> [Data in this exercise]:
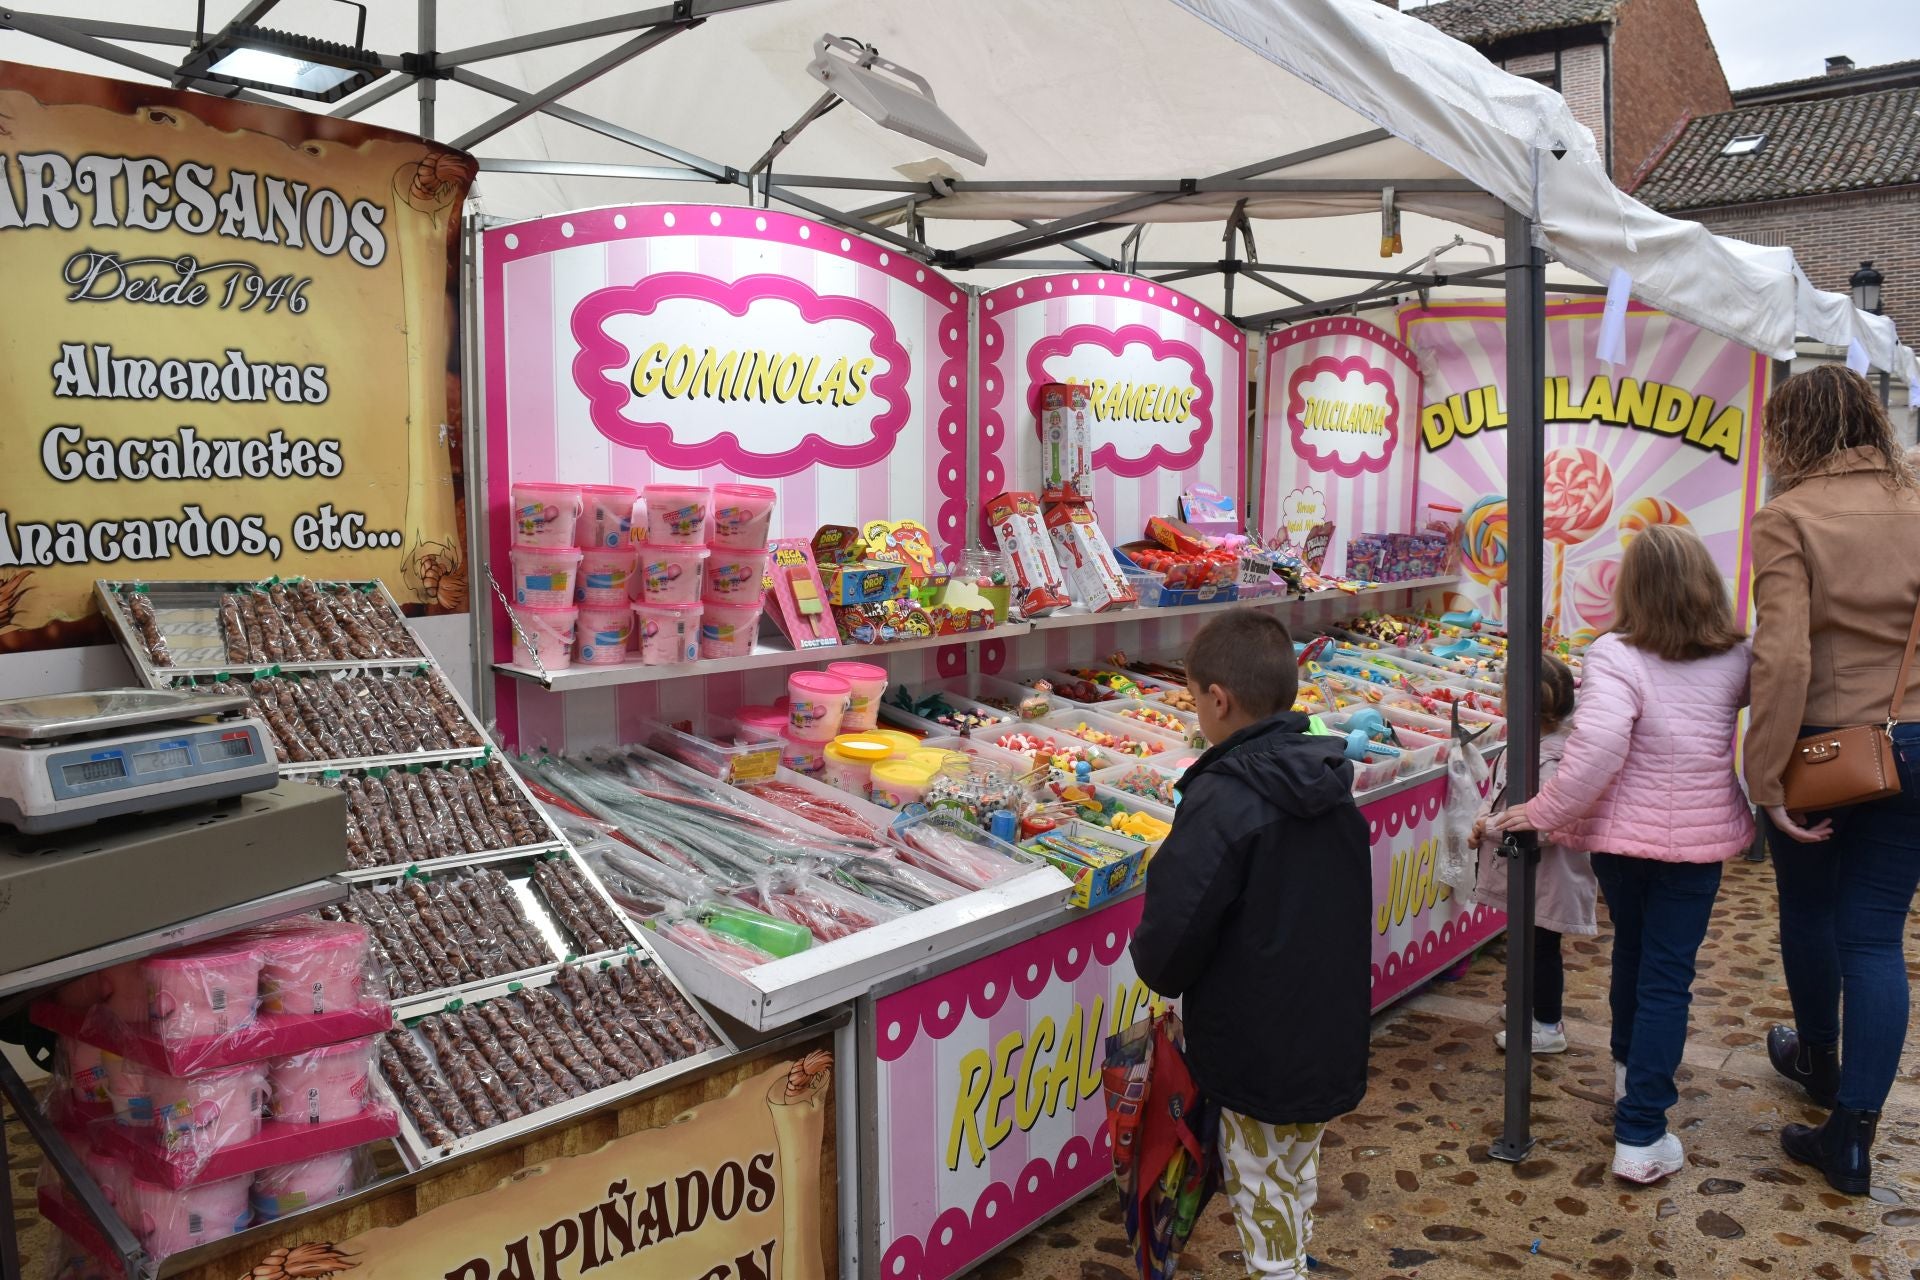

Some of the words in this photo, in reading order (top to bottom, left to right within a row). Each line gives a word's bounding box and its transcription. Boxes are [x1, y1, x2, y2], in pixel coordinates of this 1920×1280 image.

[63, 250, 212, 306] Desde
[220, 271, 312, 314] 1946
[53, 343, 329, 403] Almendras
[630, 342, 875, 407] GOMINOLAS
[1064, 375, 1196, 424] RAMELOS
[1303, 395, 1386, 437] DULCILANDIA
[1421, 374, 1746, 466] DULILANDIA
[42, 426, 344, 480] Cacahuetes
[293, 504, 402, 551] etc...
[776, 549, 803, 560] MEGA
[863, 576, 885, 589] DROP
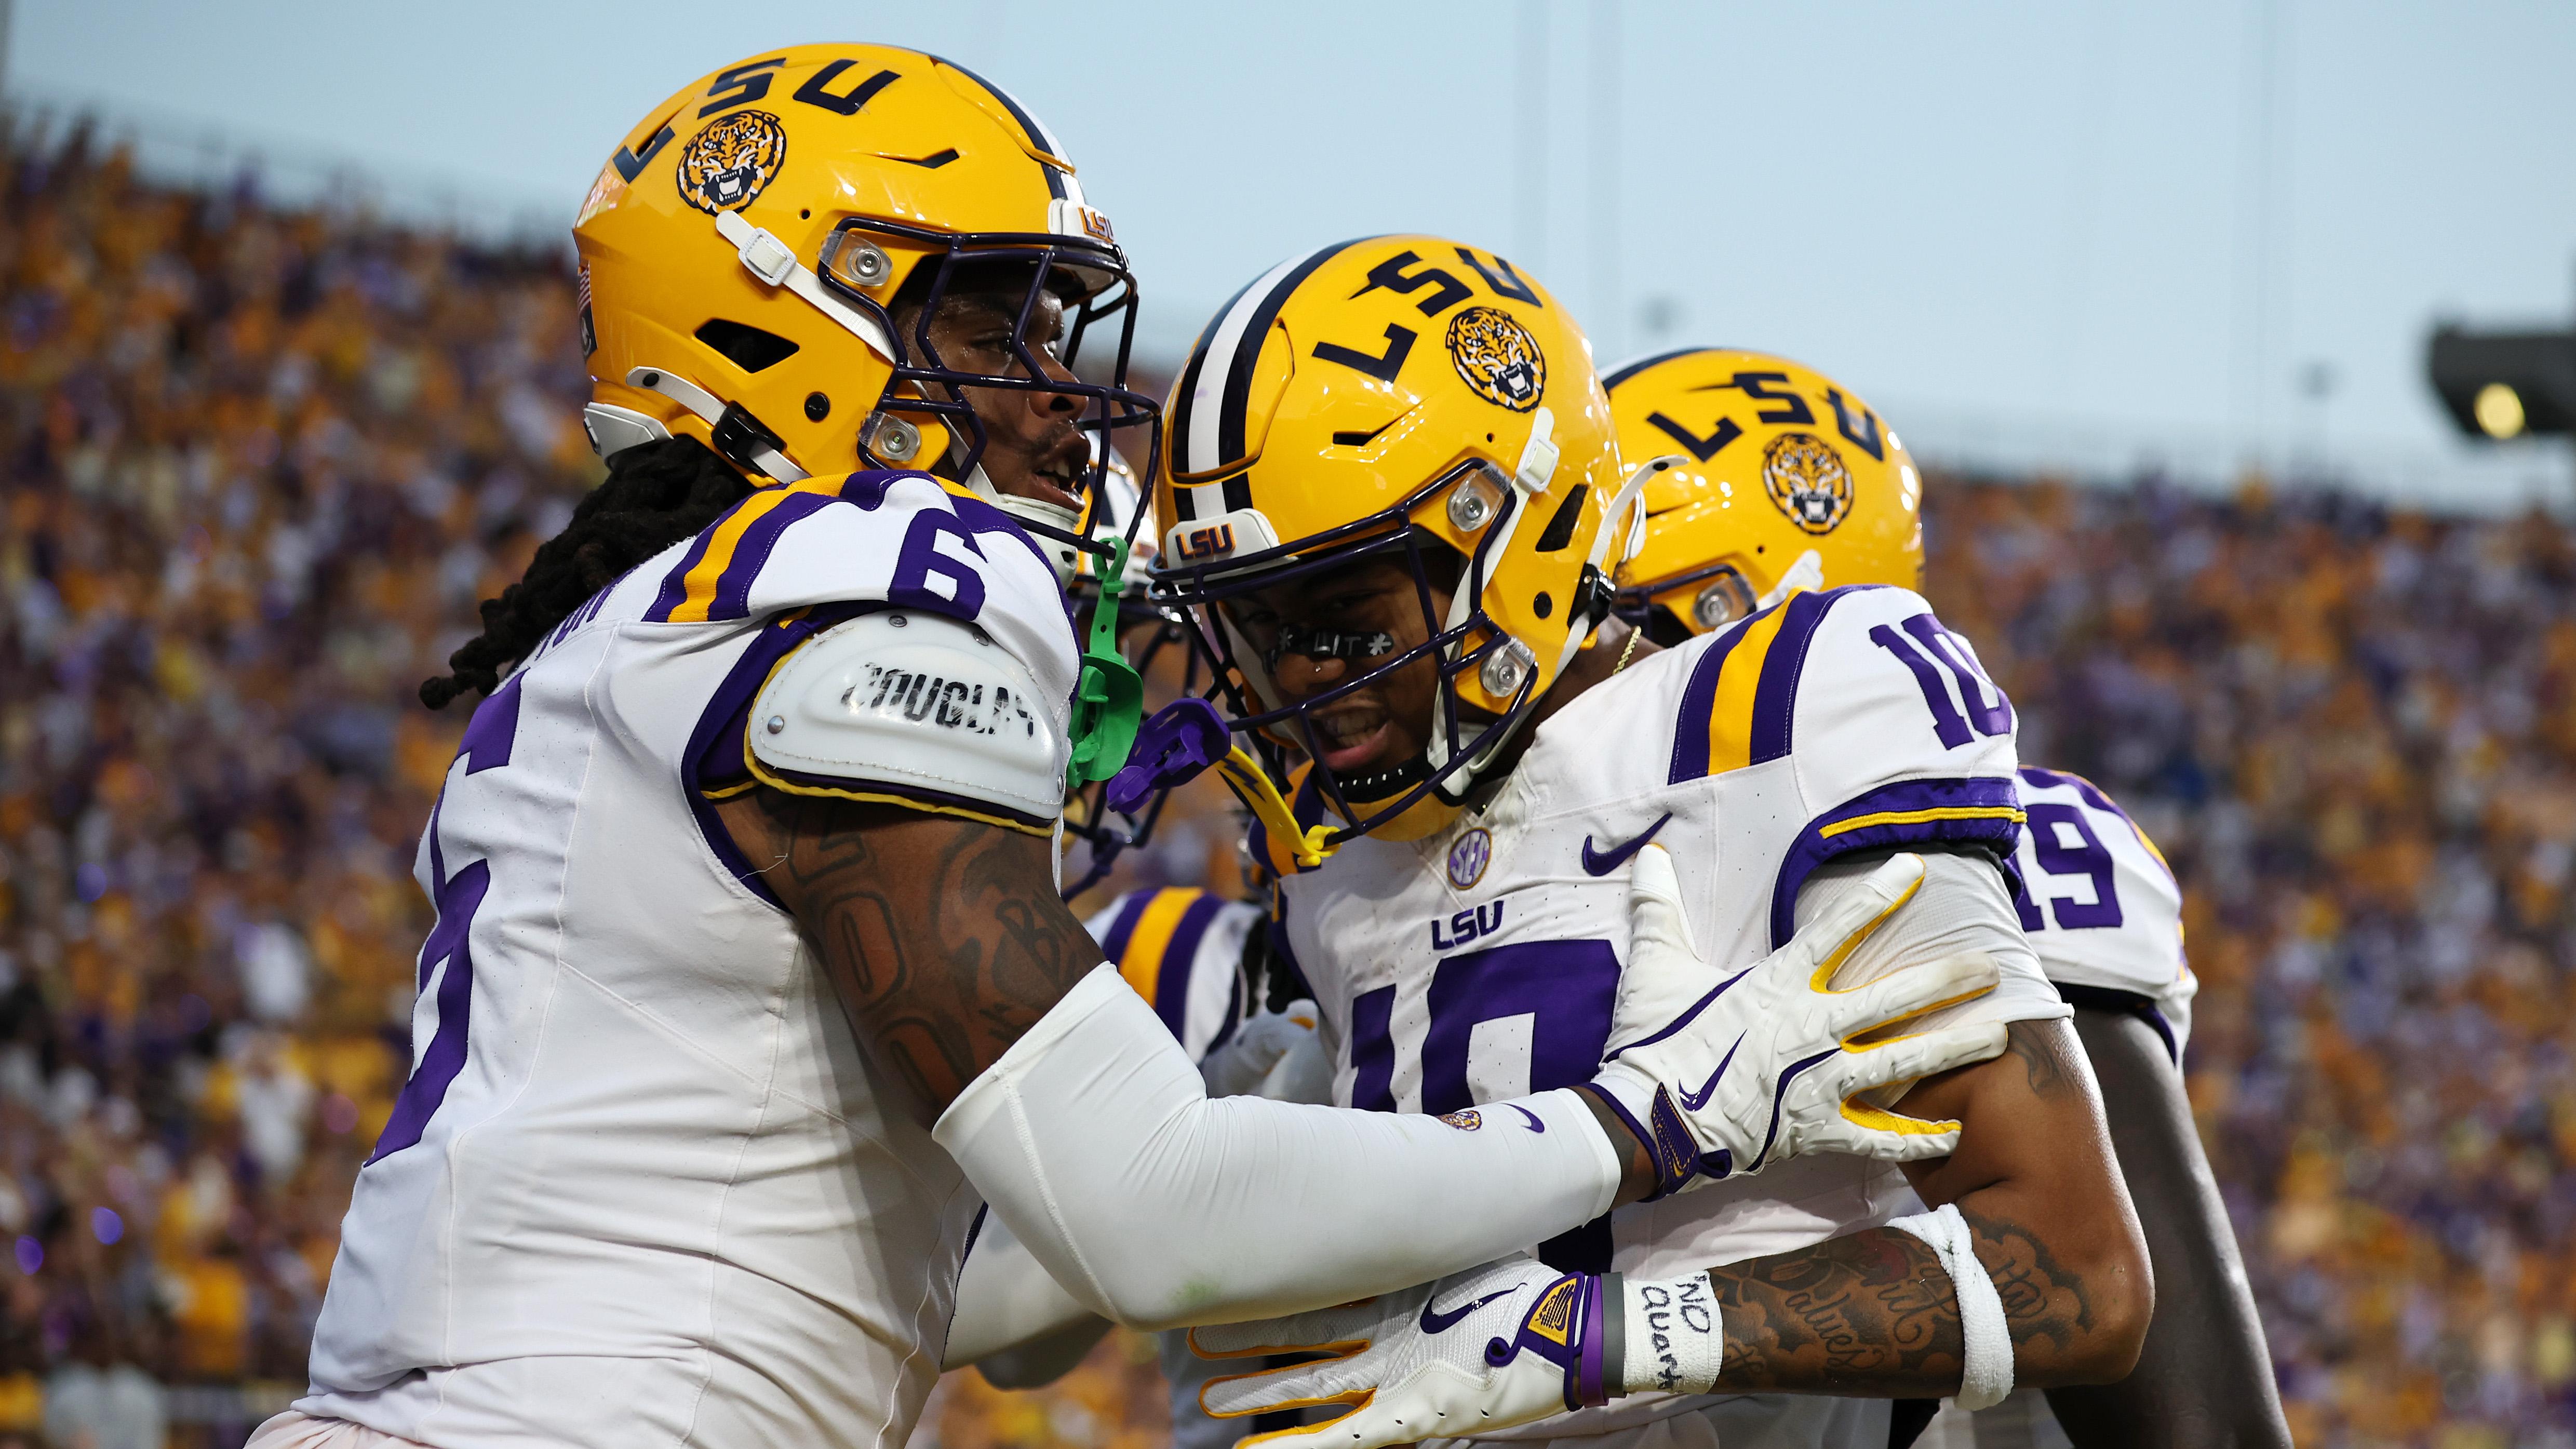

> [Instructions for the task]: Print all the lines above exactly as they are, but without the pictures.

> [Written answer]:
Some of the words in this photo, in reading order (top to bottom, left to right within a row). Each line gives a word's bounding box and its transcription. Boxes are [x1, y1, x2, y2], in pixel coordinates of this 1920×1280 image.

[63, 250, 212, 306] Desde
[220, 271, 312, 314] 1946
[53, 343, 329, 403] Almendras
[630, 342, 875, 407] GOMINOLAS
[1064, 375, 1196, 424] RAMELOS
[1303, 395, 1386, 437] DULCILANDIA
[1421, 374, 1746, 466] DULILANDIA
[42, 426, 344, 480] Cacahuetes
[293, 504, 402, 551] etc...
[776, 549, 803, 560] MEGA
[863, 576, 885, 589] DROP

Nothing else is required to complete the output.